PageActionBuilder exposes Click, Wait, ScrollToEnd, WaitForSelector, WaitForNetworkIdle, EvaluateExpression, Repeat/RepeatWithDelay, and Build().

Persist the progress locally

To persist the job queue and visited links locally — so you can resume where you left off — use WithTextFileScheduler and TrackVisitedLinksInFile:

using WebReaper.Builders;

var engine = await ScraperEngineBuilder
    .Crawl("https://rutracker.org/forum/index.php?c=33")
    .Extract(new()
    {
        new("name", "#topic-title"),
        new("category", "td.nav.t-breadcrumb-top.w100.pad_2>a:nth-child(3)"),
        new("subcategory", "td.nav.t-breadcrumb-top.w100.pad_2>a:nth-child(5)"),
        new("torrentSize", "div.attach_link.guest>ul>li:nth-child(2)"),
        new("torrentLink", ".magnet-link", "href"),
        new("coverImageUrl", ".postImg", "src")
    })
    .WithLogger(logger)
    .Follow("#cf-33 .forumlink>a")
    .Follow(".forumlink>a")
    .Paginate("a.torTopic", ".pg")
    .WriteToJsonFile("result.json")
    .IgnoreUrls(blackList)
    .WithTextFileScheduler("jobs.txt", "currentJob.txt")
    .TrackVisitedLinksInFile("links.txt")
    .BuildAsync();

The file scheduler is the zero-dependency default: an append-only job file, a 300 ms poll and a sidecar position file. For a long single-machine crawl that must survive kill -9 and resume by query — without standing up a Redis server — add the WebReaper.Sqlite satellite and swap the two local backends. "Resume" becomes a SELECT over an indexed table; there is no position file to keep in sync (the visited-link table is the set — no in-memory mirror). The core file adapters are unchanged and stay the default; this is opt-in:

using WebReaper.Builders;
using WebReaper.Sqlite;   // dotnet add package WebReaper.Sqlite

var engine = await ScraperEngineBuilder
    .Crawl("https://rutracker.org/forum/index.php?c=33")
    .Extract(new() { new("name", "#topic-title") })
    .Follow(".forumlink>a")
    .Paginate("a.torTopic", ".pg")
    .WriteToJsonFile("result.json")
    .WithSqliteScheduler("crawl/state.db")        // resume is a query, not a position file
    .TrackVisitedLinksInSqlite("crawl/state.db")  // the table is the set
    .BuildAsync();

Pass dataCleanupOnStart: true to either call to start a fresh crawl (clears that table at start).

Authorization

If the site needs authorization, call SetCookies and fill the CookieContainer with the cookies required.

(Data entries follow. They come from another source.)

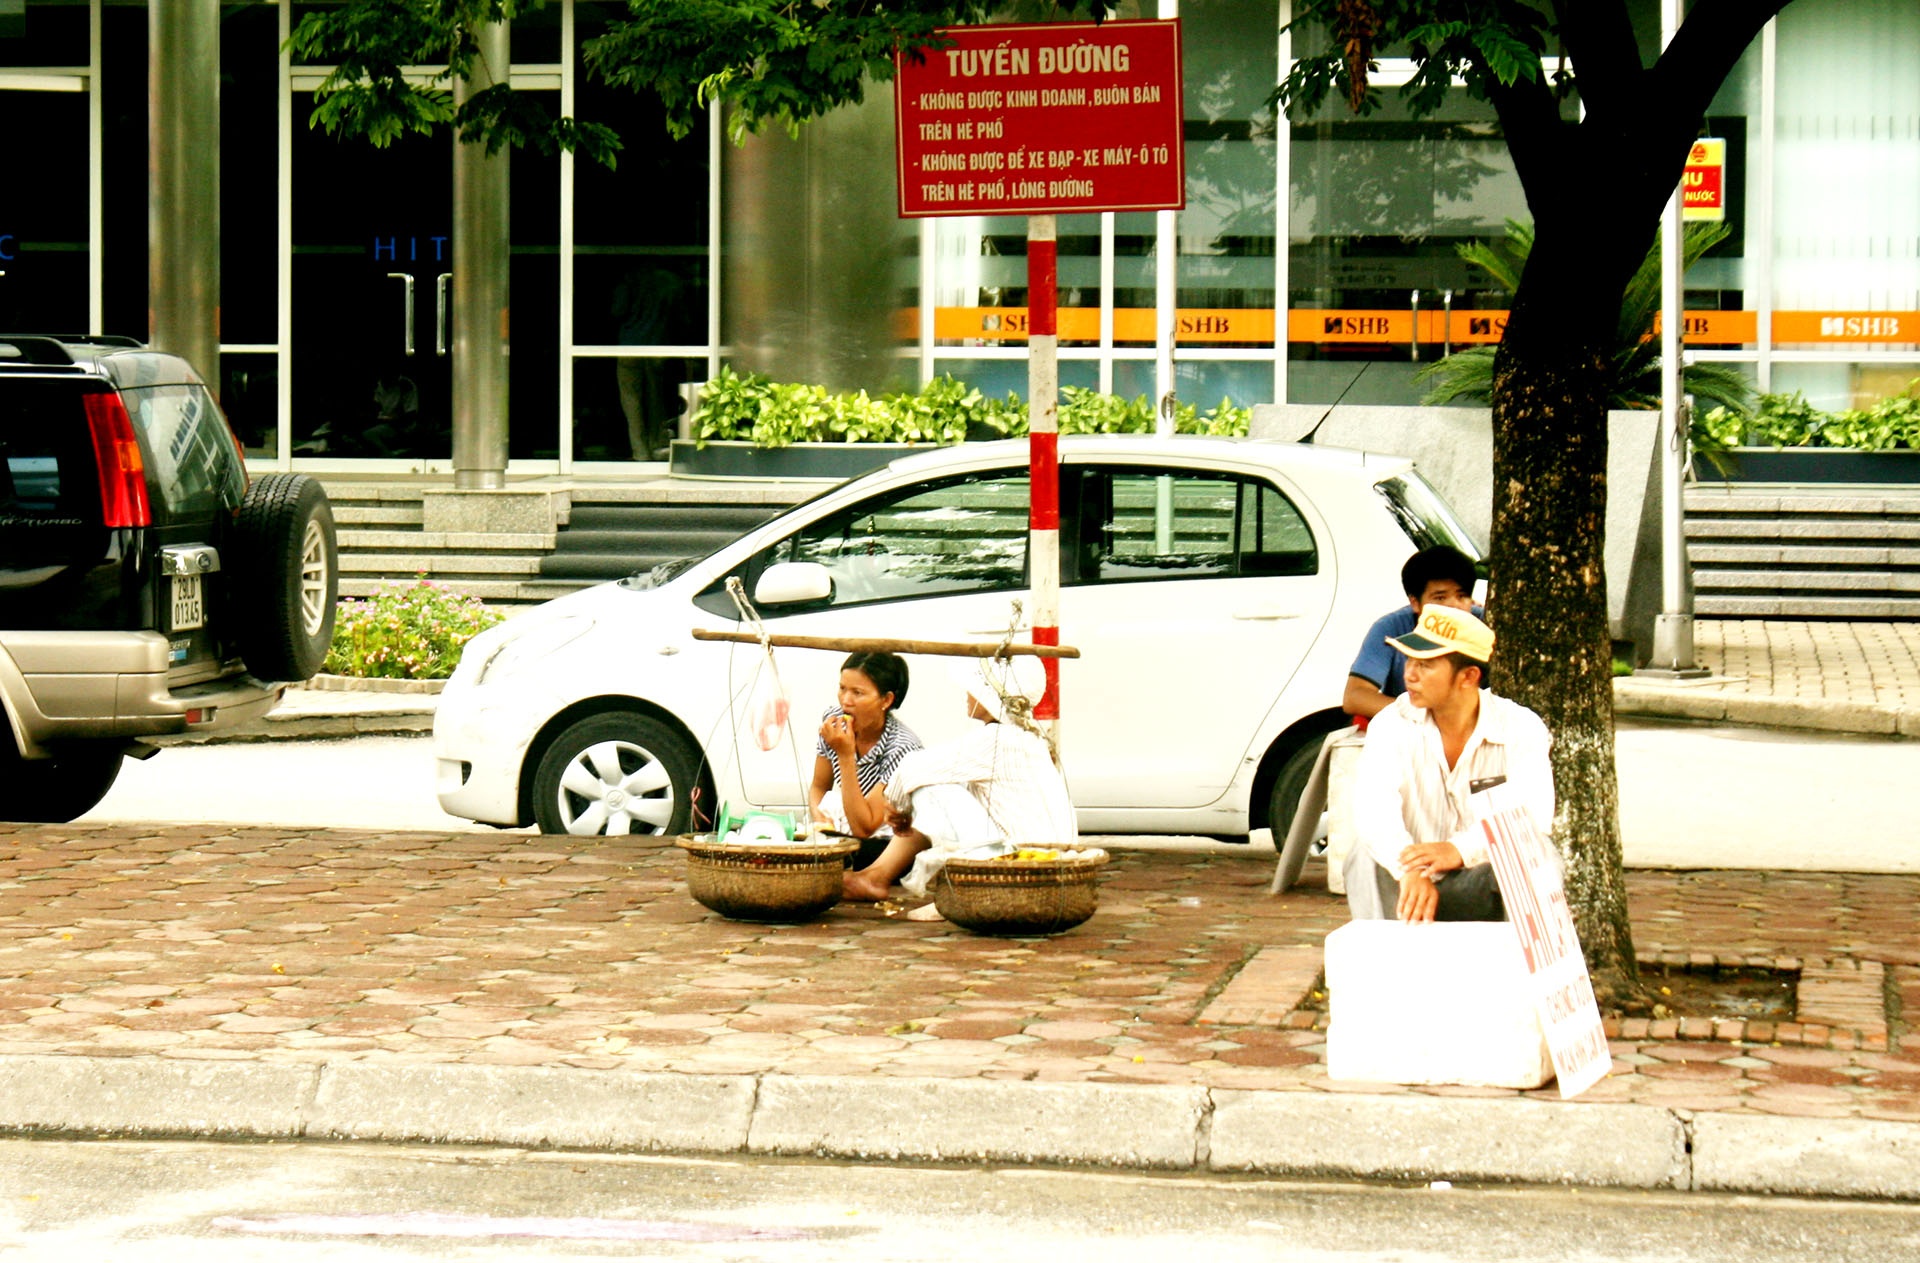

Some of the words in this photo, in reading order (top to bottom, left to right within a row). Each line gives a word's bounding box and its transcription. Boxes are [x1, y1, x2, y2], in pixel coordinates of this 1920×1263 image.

[946, 40, 1029, 76] TUYẾN
[1038, 39, 1129, 74] ĐƯỜNG
[921, 89, 964, 110] KHÔNG
[968, 90, 1002, 111] ĐƯỢC
[1007, 90, 1037, 107] KINH
[1134, 83, 1160, 103] BÁN
[919, 120, 952, 140] TRÊN
[957, 119, 973, 139] HÈ
[977, 116, 1003, 138] PHỐ
[922, 150, 966, 171] KHÔNG
[970, 152, 1004, 172] ĐƯỢC
[1008, 145, 1025, 169] ĐỂ
[1029, 152, 1044, 168] XE
[1153, 144, 1168, 164] TÔ
[922, 181, 954, 201] TRÊN
[959, 181, 974, 200] HÈ
[1012, 179, 1045, 199] LÒNG
[1049, 175, 1093, 198] ĐƯỜNG
[1685, 190, 1715, 201] NƯỚC
[1181, 316, 1229, 333] SHB
[1345, 317, 1389, 334] SHB
[1846, 317, 1899, 337] SHB

You perform the login yourself; WebReaper only uses the cookies you provide.

using System.Net;
using WebReaper.Builders;

var engine = await ScraperEngineBuilder
    .Crawl("https://rutracker.org/forum/index.php?c=33")
    .Extract(new() { new("name", "#topic-title") })
    .WithLogger(logger)
    .SetCookies(cookies =>
    {
        cookies.Add(new Cookie("AuthToken", "123"));
    })
    // ...
    .BuildAsync();

How to disable headless mode

When scraping with a browser (CrawlWithBrowser / FollowWithBrowser, via WebReaper.Puppeteer) the default is headless — you don't see the browser. Seeing it can help with debugging; disable headless mode with .HeadlessMode(false):

using WebReaper.Builders;
using WebReaper.Puppeteer;

var engine = await ScraperEngineBuilder
    .CrawlWithBrowser("https://www.reddit.com/r/dotnet/", actions => actions
        .ScrollToEnd()
        .Build())
    .Extract(new() { new("title", "._eYtD2XCVieq6emjKBH3m") })
    .HeadlessMode(false)
    .WithPuppeteerPageLoader()
    // ...
    .BuildAsync();

Cleaning data from a previous run

To start fresh, pass dataCleanupOnStart: true to the relevant builder method.

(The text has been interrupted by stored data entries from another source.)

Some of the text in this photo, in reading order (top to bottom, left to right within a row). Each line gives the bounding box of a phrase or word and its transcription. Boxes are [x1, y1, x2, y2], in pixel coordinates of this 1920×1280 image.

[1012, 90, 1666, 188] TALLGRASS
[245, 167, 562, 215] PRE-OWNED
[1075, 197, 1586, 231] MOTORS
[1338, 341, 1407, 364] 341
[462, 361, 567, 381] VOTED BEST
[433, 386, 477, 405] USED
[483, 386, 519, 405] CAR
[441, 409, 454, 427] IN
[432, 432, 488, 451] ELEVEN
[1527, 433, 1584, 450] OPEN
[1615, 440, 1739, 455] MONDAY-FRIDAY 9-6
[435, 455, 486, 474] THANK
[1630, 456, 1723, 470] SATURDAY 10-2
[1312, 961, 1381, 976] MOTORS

// Result file — note: WriteToJsonFile already defaults dataCleanupOnStart to TRUE
.WriteToJsonFile("output.json", dataCleanupOnStart: true)

// Visited-link tracker
.TrackVisitedLinksInFile("visited.txt", dataCleanupOnStart: true)

// Job queue / scheduler
.WithTextFileScheduler("jobs.txt", "currentJob.txt", dataCleanupOnStart: true)

The dataCleanupOnStart parameter exists on the satellite sinks too (e.g. WriteToMongoDb, WriteToRedis, WriteToCosmosDb). Note WriteToJsonFile defaults it to true (it wipes the file on start) — the opposite of the other sinks, which default to false. The "JSON" file sink writes JSON Lines (one compact JSON object per line), not a JSON array.

Distributed and serverless scraping

Swap the scheduler, config storage and link tracker to Redis or Azure Service Bus and multiple workers / serverless functions can share one crawl. Examples/WebReaper.AzureFuncs shows the serverless shape with two functions:

StartScraping builds the scraper configuration, seeds the distributed Outstanding-work latch, and enqueues the first job (the start URL) onto the queue (e.g. Azure Service Bus).
WebReaperSpider is the distributed Crawl driver, triggered by each queued job. It gets a bare ISpider from new DistributedSpiderBuilder()...BuildSpider() (load → Crawl step → JobReport), then interprets the report: an atomic visited-link test-and-set gates duplicates/redeliveries, a parsed page is fanned out to the sink, discovered child jobs are enqueued back onto the queue, and a distributed Outstanding-work latch detects when all work has drained. It never throws to signal the crawl limit, so the queue is never poisoned (ADR-0022).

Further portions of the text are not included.